Para quem professa as religiões de matriz africana esta quinta-feira (23) é dia de Ogum. No sincretismo religioso, ele é associado a São Jorge, o santo guerreiro do catolicismo, motivo pelo qual a data celebra ambas as divindades. Considerado soldado, guardião, e patrono dos exércitos por representa a luta e a vitória, Ogum é um dos Orixás mais queridos da Umbanda. Sua saudação é “Ogunhê, Meu Pai”. Em Aracaju seus devotos se reúnem no Abassá São Jorge, localizado no bairro América e comandado por Mãe Marizete.

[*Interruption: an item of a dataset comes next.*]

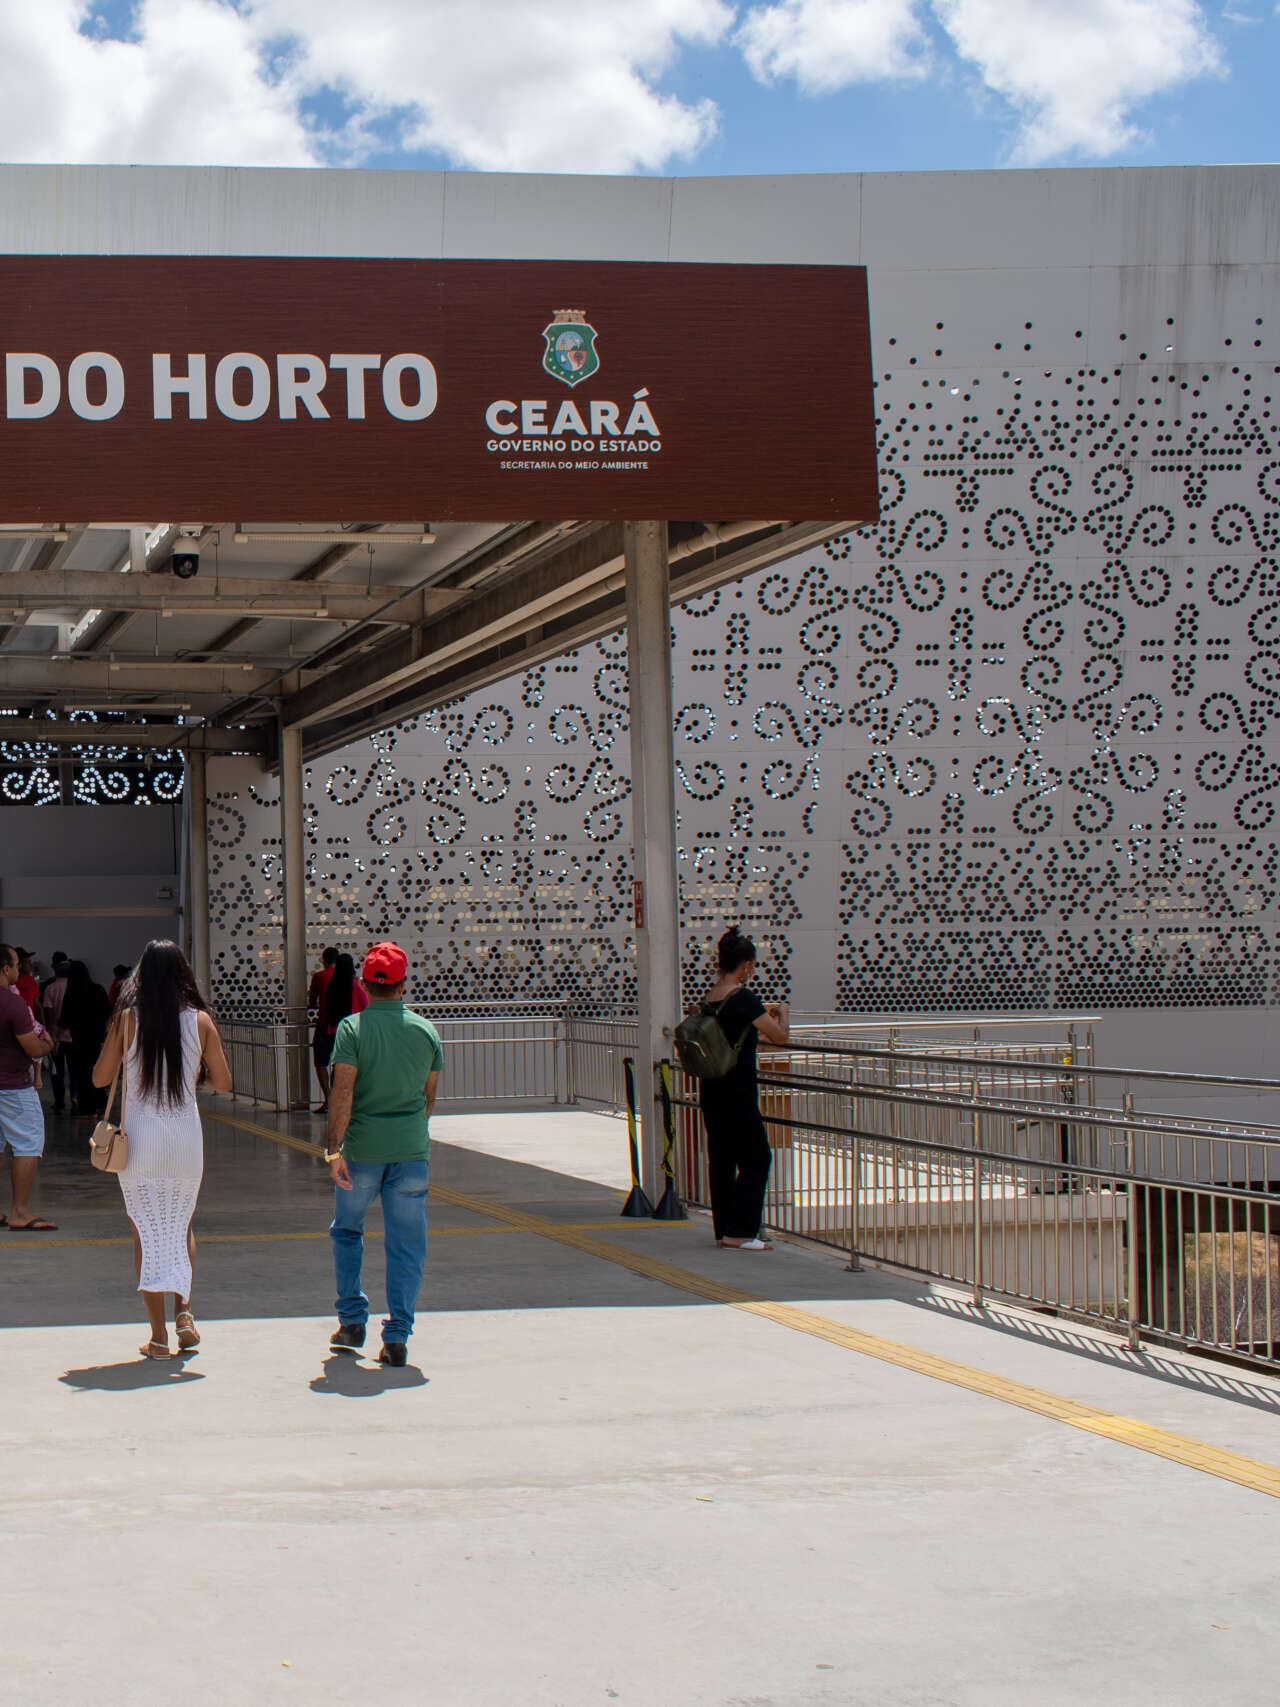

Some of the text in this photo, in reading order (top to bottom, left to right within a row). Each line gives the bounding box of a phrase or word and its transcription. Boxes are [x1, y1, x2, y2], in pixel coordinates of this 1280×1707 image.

Na mitologia Iorubá, Ogum tem um temperamento colérico, com muita força e energia de guerra. Ele é filho do Rei de Ifé Odudua e, a seu mando, destruiu muitas cidades, degolou o rei de Irê e tornou-se rei daquela cidade. Outros itãs (histórias) contam que ele nega a coroa de Ifé. Ogum domina o segredo do ferro e é responsável pela criação das armas (facas, espadas) e instrumentos agrícolas (enxada, foice, pá, arado, rastelo, etc.) Ensina agricultura aos homens e é poderoso guardião das estradas e vencedor de demandas espirituais.
Oferendas e Saudação
A cor de Ogum na Umbanda é o vermelho e branco, no Candomblé é o azul escuro. Seu dia da semana é terça-feira. Suas ervas mais conhecidas são a Espada de São Jorge e Comigo-Ninguém-Pode. A espada é seu principal símbolo. Suas oferendas são o inhame e o feijão preto. Muitos templos fazem a famosa Feijoada de Ogum anualmente para homenageá-lo.